Mortgage Banking: C&F Mortgage generates significant noninterest income from the sale of residential loan products into the secondary market. Increasing future profitability at the current origination levels will be challenging due to (1) recent margin compression resulting from lower mortgage industry loan production volume and increased competition and (2) the fixed costs of maintaining the personnel, compliance and technology infrastructure required to support mortgage banking activities. While our goal is to increase origination volume through internal growth in existing markets and through strategic initiatives, our ability to maintain a level of loan production in 2019 sufficient to sustain and increase profitability will be dependent on market factors beyond our control, such as the interest rate environment and changes in interest rates, housing inventory and loan demand. If mortgage interest rates continue to rise during 2019, C&F Mortgage may experience a lower loan demand, particularly for mortgage refinancings, which could negatively affect earnings of the mortgage banking segment in 2019. In addition, during 2019, C&F Mortgage anticipates it will continue to (1) compete to retain and attract qualified loan officers, (2) incur costs associated with updating and enhancing our compliance management system and processes for originating residential loans to mitigate compliance and regulatory risks, as well as improving the quality of our loan origination process and (3) utilize technology to its fullest capability in order to realize efficiencies overall in our mortgage banking processes and to create opportunities for revenue generation.
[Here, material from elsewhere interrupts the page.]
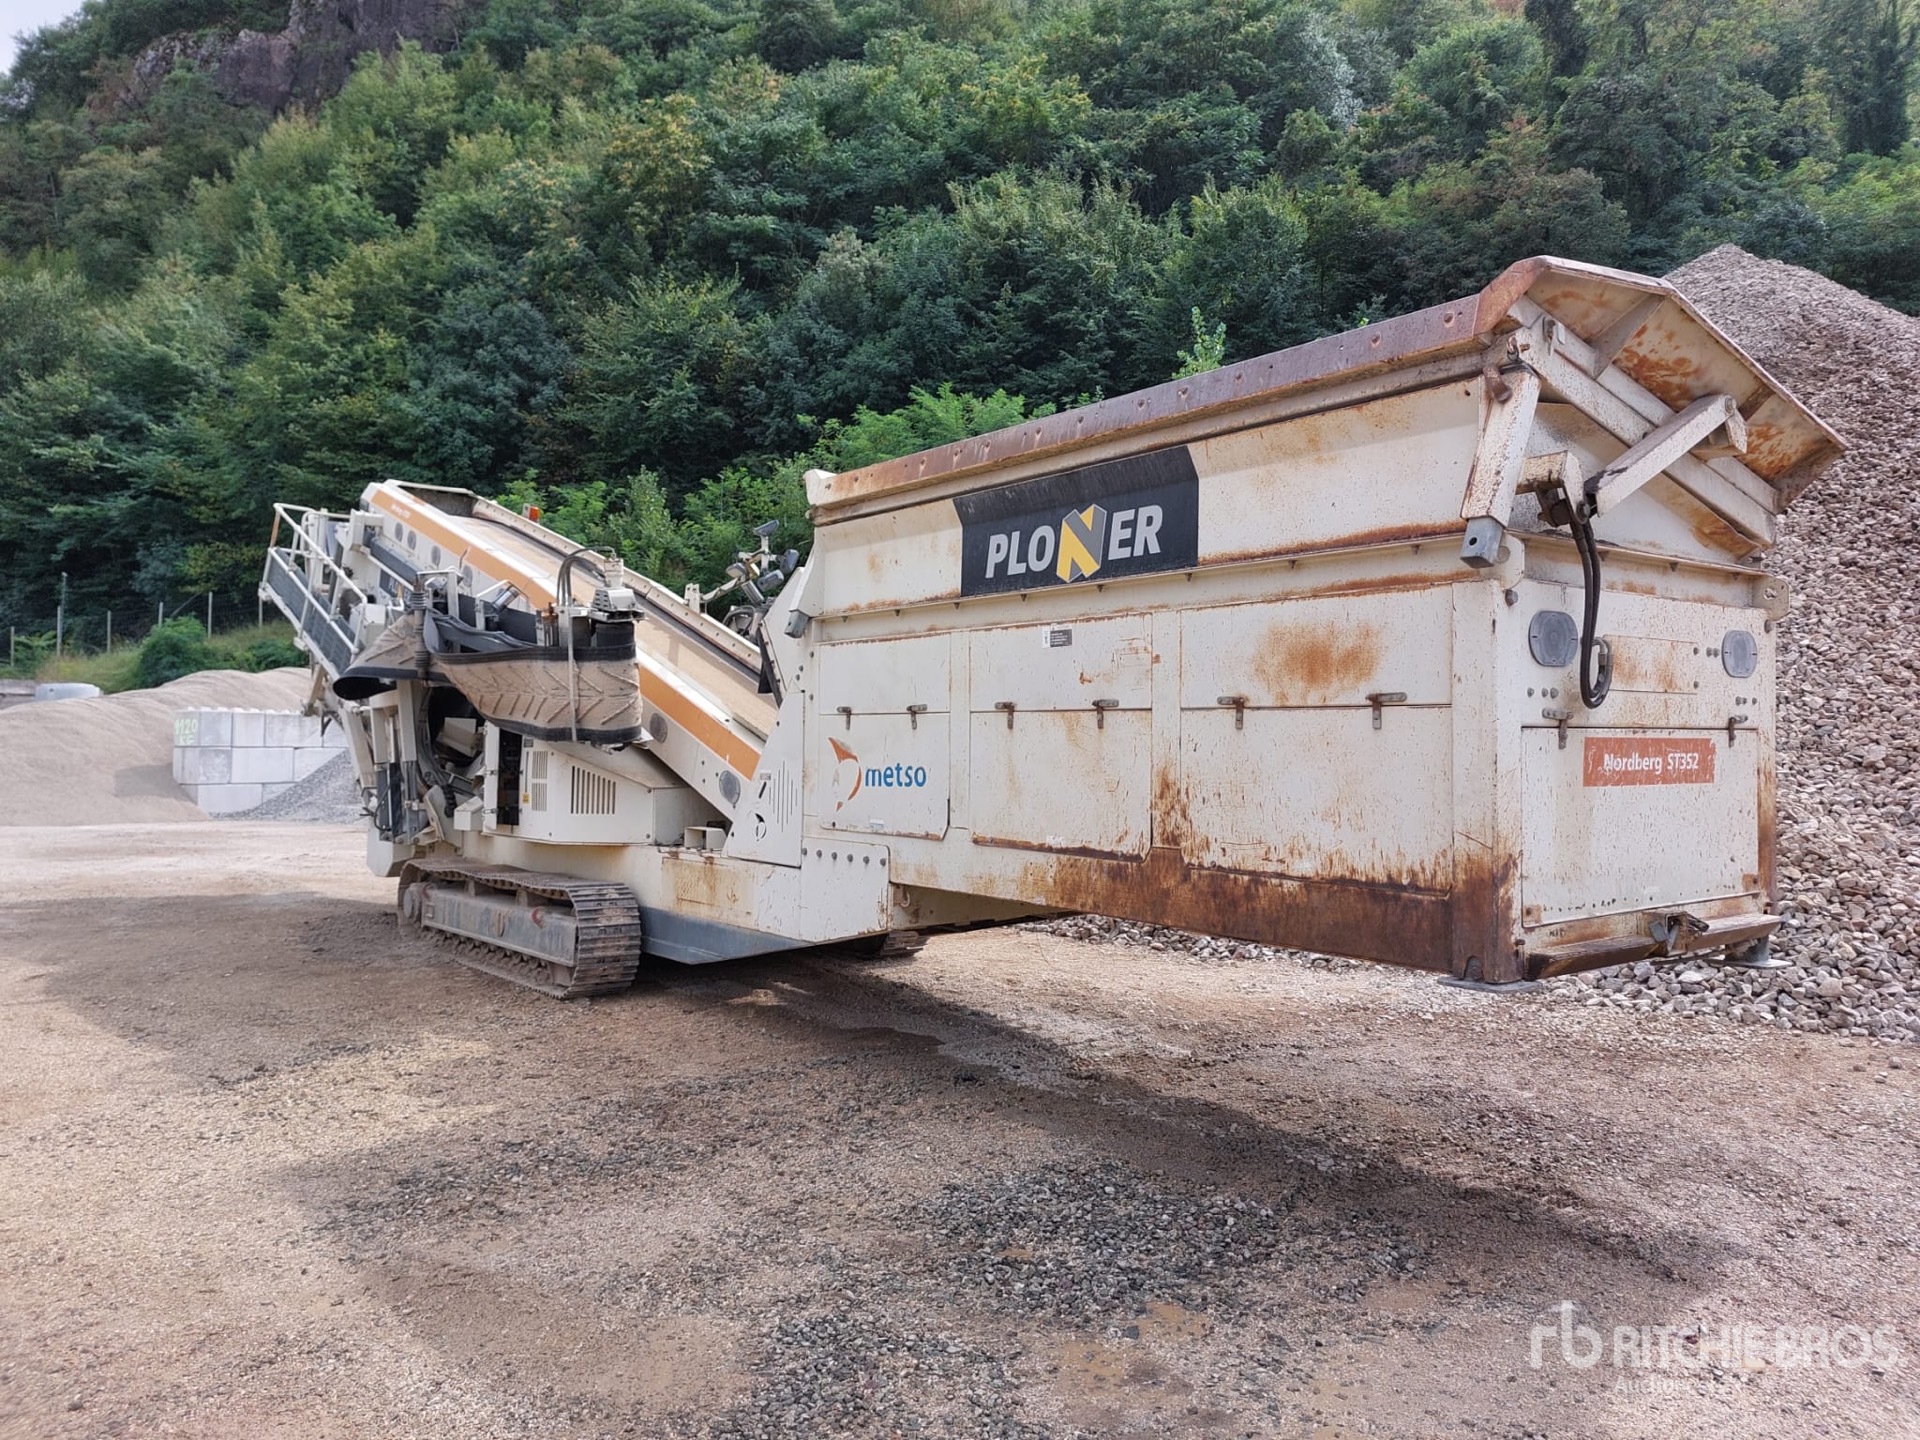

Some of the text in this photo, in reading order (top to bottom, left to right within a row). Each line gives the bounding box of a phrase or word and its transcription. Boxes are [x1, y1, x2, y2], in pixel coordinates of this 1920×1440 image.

Consumer Finance: C&F Finance provides automobile financing through programs that are designed to serve customers in the non-prime sector and marine and RV financing for borrowers in the prime sector. As has been the case for the last several years, competition in the non-prime automobile loan business remains aggressive, resulting in lower interest rates and in many cases, less restrictive underwriting standards by several of our competitors. As a result, the expansion of our consumer finance loan portfolio into marine and RV loans in 2018 was partially offset by a slight decline in the automobile portfolio, and we expect organic loan growth to continue to be challenging in 2019. However, C&F Finance’s scorecard model for purchasing automobile loan contracts, which was implemented in 2016 and results in the purchase of loans with higher credit metrics, as well as our expansion into marine and RV loans, are expected to result in charge-offs at C&F Finance remaining at a level lower than that experienced prior to 2018. We believe it will be challenging to maintain the consumer finance segment’s net interest margin at its current level as: (1) the expansion of our loan portfolio into marine and RV loans will reduce average yields on loans compared to 2018, (2) competition in the market for non-prime automobile loans may cause yields to continue to decline and (3) further increases in the federal funds rate may trigger higher-cost variable-rate borrowings. We also expect to continue investing in technology at C&F Finance in order to capture more business, improve efficiencies, and manage the rigorous regulatory burdens and evolving compliance issues in the indirect lending industry.
Principal Business Segments
An overview of the financial results for each of the Corporation’s principal segments is presented below. A more detailed discussion is included in the section “Results of Operations.”
Retail Banking: The retail banking segment reported net income of $10.6 million for the year ended December 31, 2018, compared to net income of $5.0 million for the year ended December 31, 2017. The retail banking segment’s results for the year ended December 31, 2017 included income tax expense of $3.5 million associated with the
remeasurement of C&F Bank’s net deferred tax asset. The retail banking segment’s income before income taxes for the year ended December 31, 2018 was $12.6 million, compared to $10.7 million for the year ended December 31, 2017.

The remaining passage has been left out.